CyclosporinA Derivative as Therapeutic Candidate for Alport Syndrome by Inducing Mutant Type IV Collagen Secretion

Abstract

Key Points Screening of natural product extracts to find candidate compounds that increase mutant type IV collagen α3,4,5 (α345(IV)) trimer secretion in Alport syndrome (AS).Cyclosporin A (CsA) and alisporivir (ALV) increase mutant α345(IV) trimer secretion in AS.PPIF/cyclophilin D mediates the effect of CsA and ALV on mutant trimer secretion. Background Type IV collagen α3,4,5 (α345(IV)) is an obligate trimer that is secreted to form a collagen network, which is the structural foundation of basement membrane. Mutation in one of the genes (COL4A3, A4, A5) encoding these proteins underlies the progressive genetic nephropathy Alport syndrome (AS) due to deficiency in trimerization and/or secretion of the α345(IV) trimer. Thus, improving mutant α345(IV) trimerization and secretion could be a good therapeutic approach for AS. Methods Using the nanoluciferase-based platform that we previously developed to detect α345(IV) formation and secretion in HEK293T cells, we screened libraries of natural product extracts and compounds to find a candidate compound capable of increasing mutant α345(IV) secretion. Results The screening of >13,000 extracts and >600 compounds revealed that cyclosporin A (CsA) increased the secretion of mutant α345(IV)-G1244D. To elucidate the mechanism of the effect of CsA, we evaluated CsA derivatives with different ability to bind to calcineurin (Cn) and cyclophilin (Cyp). Alisporivir (ALV), which binds to Cyp but not to Cn, increased the trimer secretion of mutant α345(IV).

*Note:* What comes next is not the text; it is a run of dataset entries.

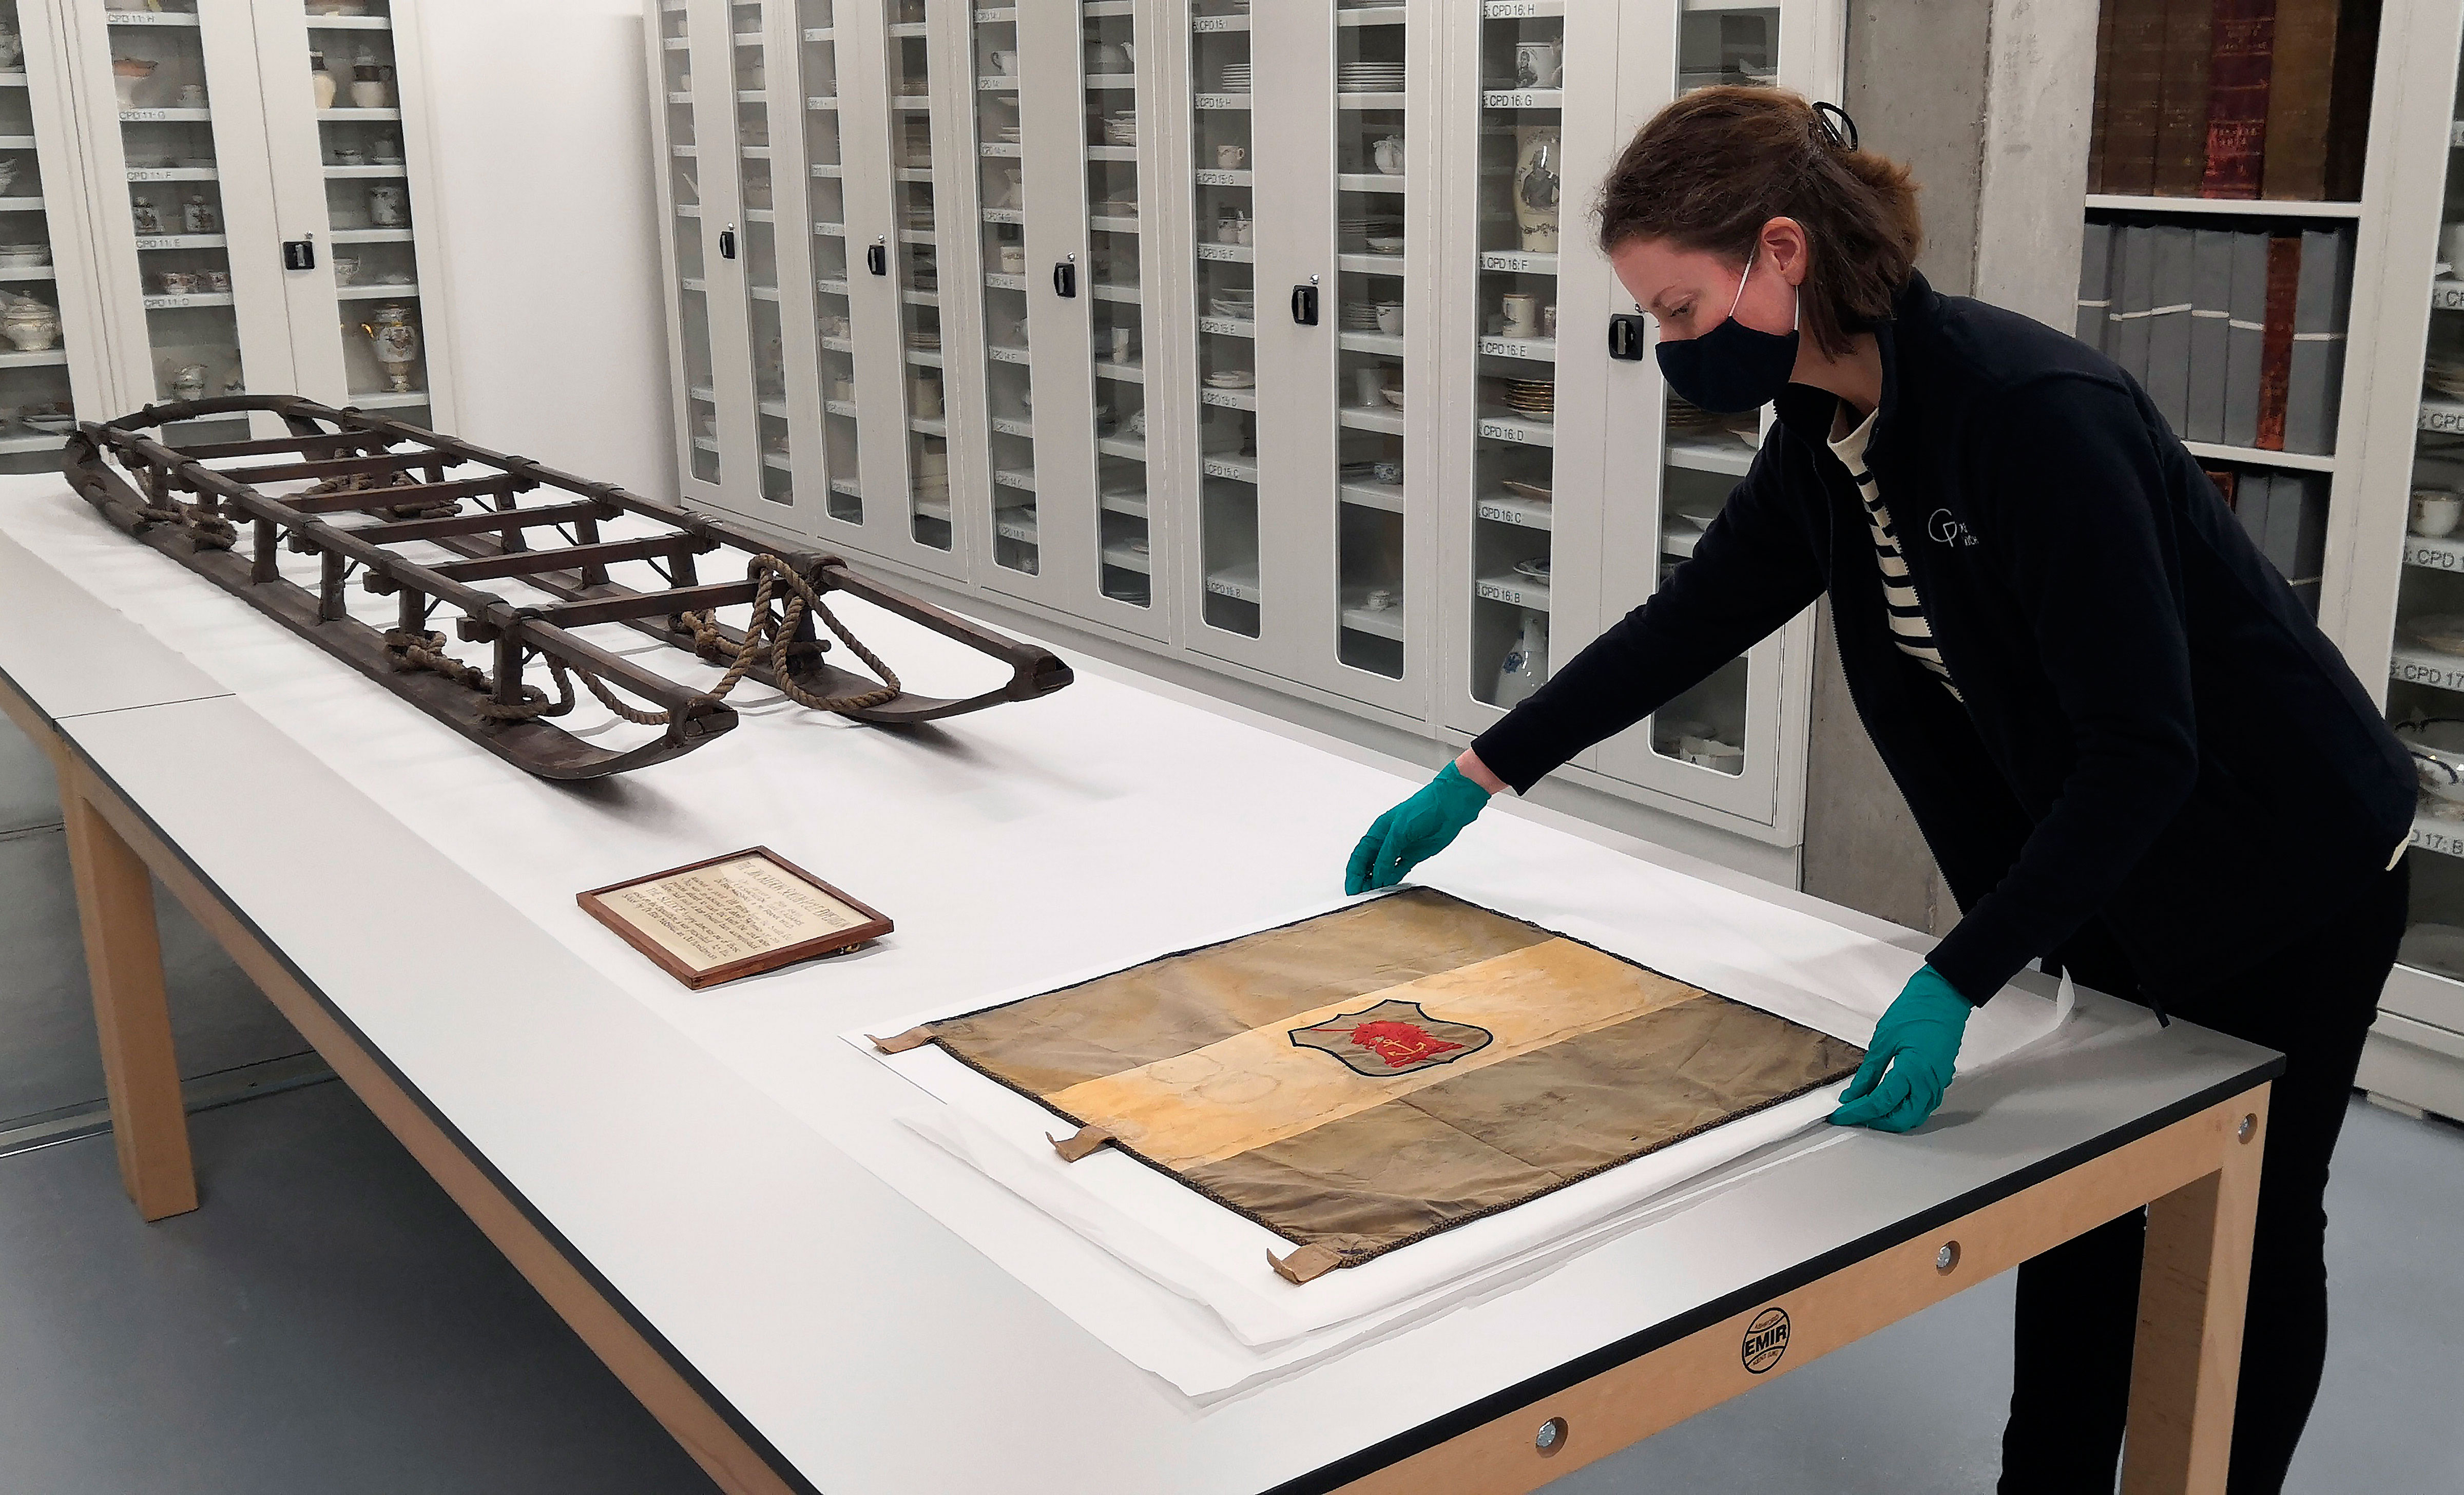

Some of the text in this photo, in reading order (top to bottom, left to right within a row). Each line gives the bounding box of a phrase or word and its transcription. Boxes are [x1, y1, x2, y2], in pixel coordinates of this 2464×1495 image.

[1492, 5, 1511, 16] CPD
[1528, 4, 1534, 15] H
[1490, 95, 1509, 106] CPD
[1526, 94, 1532, 106] G
[1487, 257, 1505, 269] CPD
[1522, 260, 1528, 270] F
[1486, 342, 1504, 354] CPD
[1520, 346, 1526, 357] E
[1484, 425, 1502, 437] CPD
[1517, 430, 1524, 441] D
[1482, 507, 1499, 519] CPD
[1515, 512, 1521, 523] C
[2418, 549, 2454, 567] CPD
[1482, 586, 1499, 598] CPD
[1514, 593, 1520, 603] B
[2404, 663, 2441, 684] CPD
[1745, 1324, 1787, 1357] EMIR
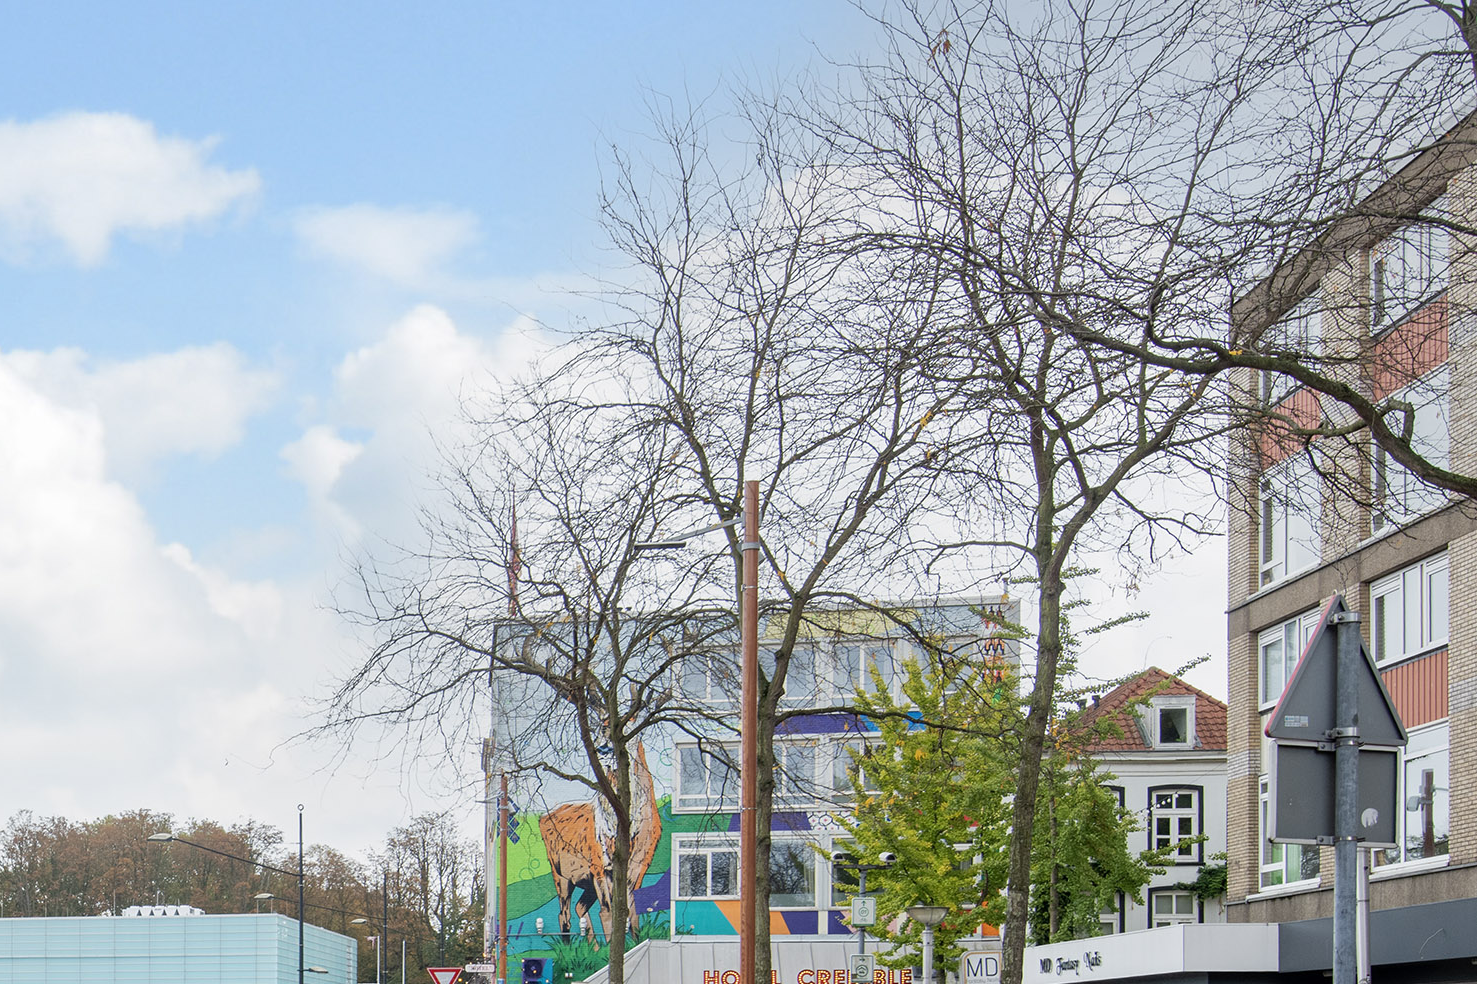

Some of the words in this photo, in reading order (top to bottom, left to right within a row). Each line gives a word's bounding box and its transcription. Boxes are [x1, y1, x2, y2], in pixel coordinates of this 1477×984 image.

[966, 957, 998, 977] MD
[1039, 957, 1053, 974] MD
[1056, 957, 1080, 976] Fantasy
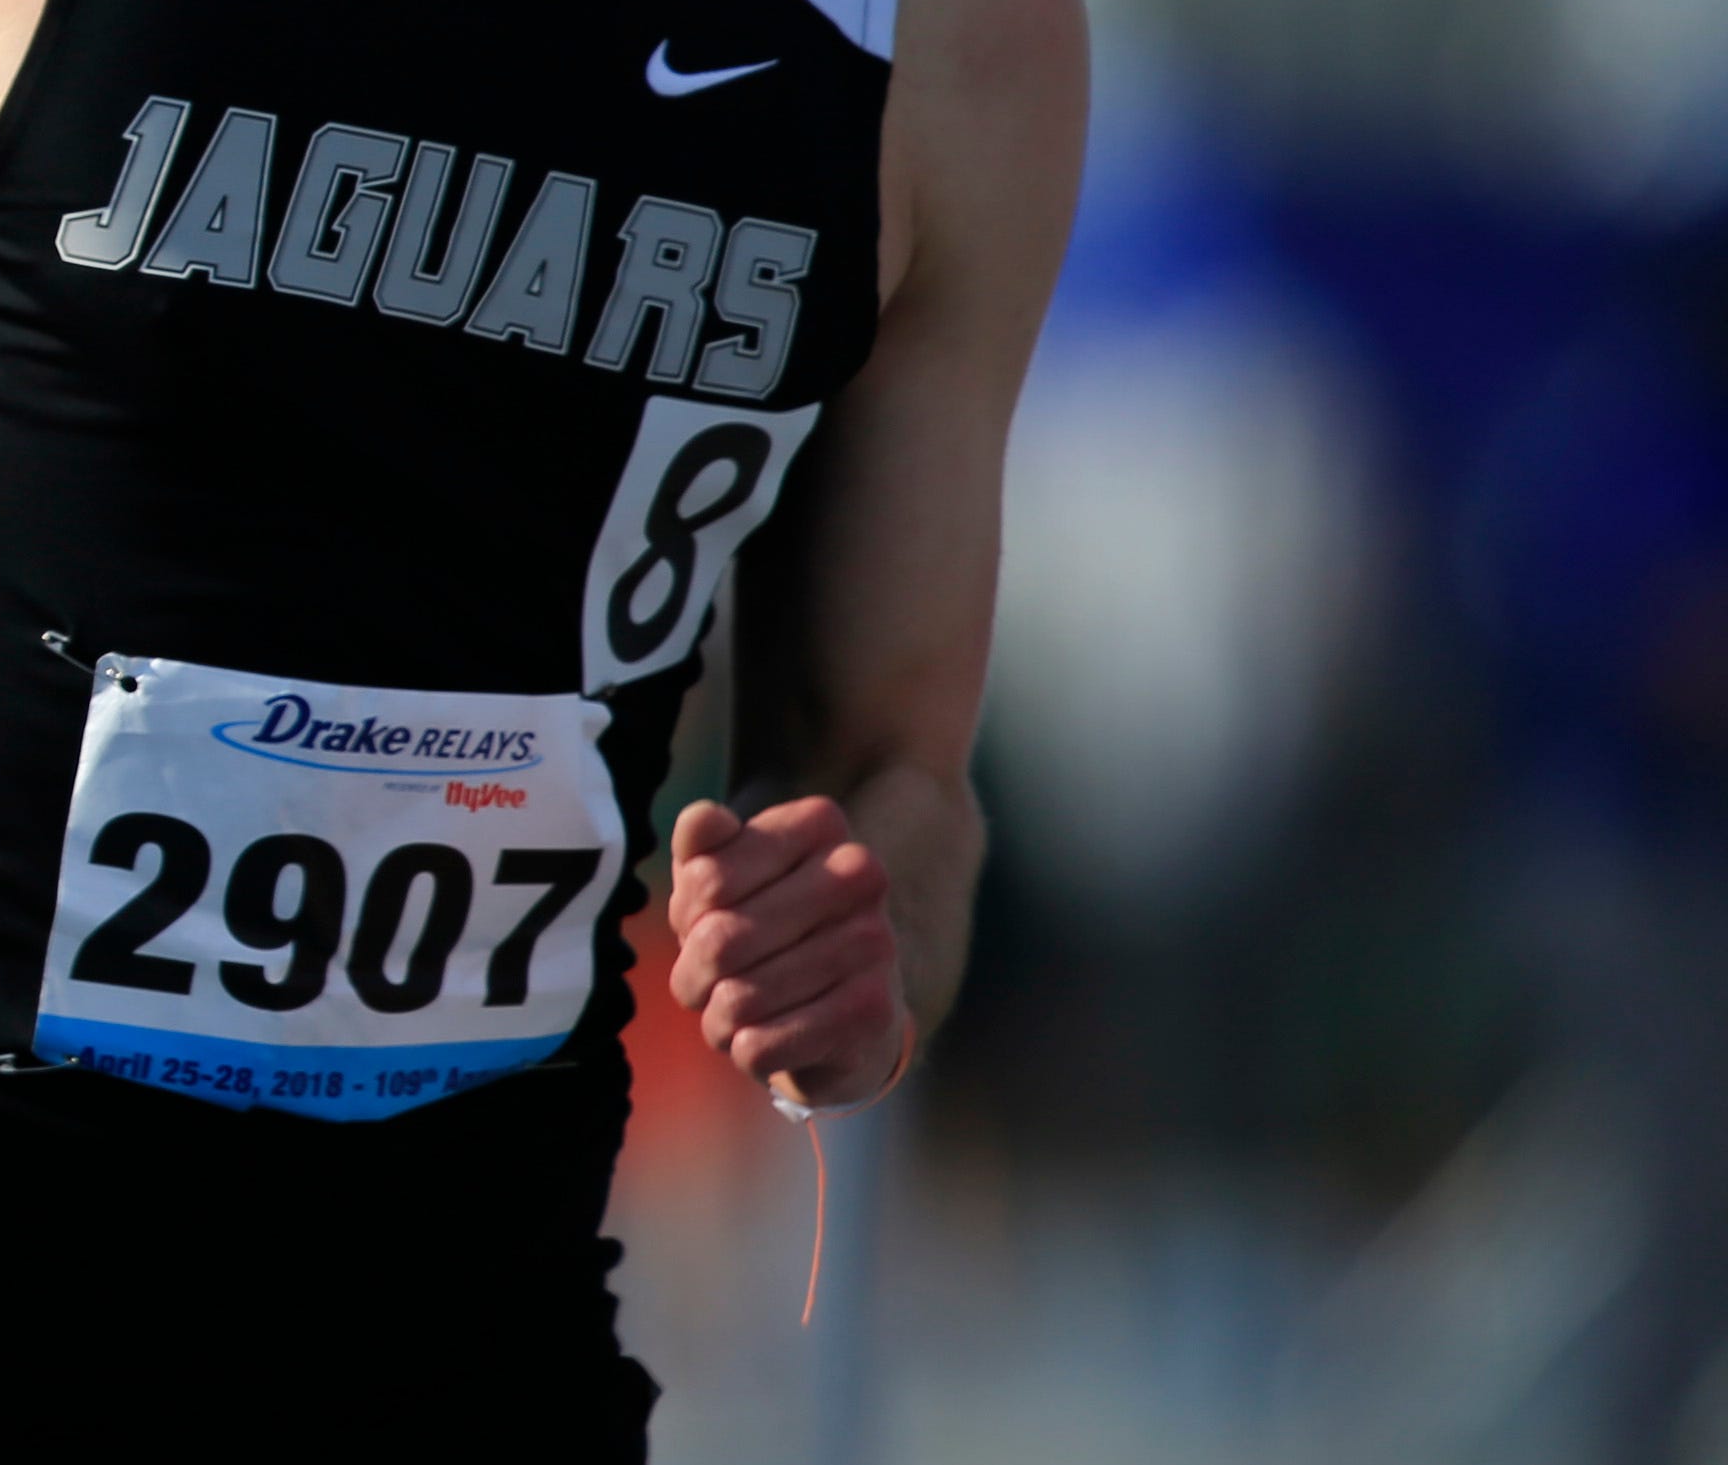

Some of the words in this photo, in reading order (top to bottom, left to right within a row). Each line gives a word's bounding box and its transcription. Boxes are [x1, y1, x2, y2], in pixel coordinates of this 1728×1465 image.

[56, 96, 817, 400] JAGUARS
[606, 421, 773, 663] 8
[252, 694, 411, 755] Drake
[412, 729, 536, 761] RELAYS
[69, 811, 605, 1014] 2907
[161, 1058, 260, 1098] 25-28,
[270, 1070, 345, 1098] 2018

Knockdown studies on Cyps showed that PPIF/cyclophilin D was involved in the trimer secretion-enhancing activity of CsA and ALV. We confirmed that other α345(IV) mutants are also responsive to CsA and ALV. Conclusions CsA was previously reported to improve proteinuria in patients with AS, but owing to its nephrotoxic effect, CsA is not recommended for treatment in patients with AS. Our data raise the possibility that ALV could be a safer option than CsA. This study provides a novel therapeutic candidate for AS with an innovative mechanism of action and reveals an aspect of the intracellular regulatory mechanism of α345(IV) that was previously unexplored.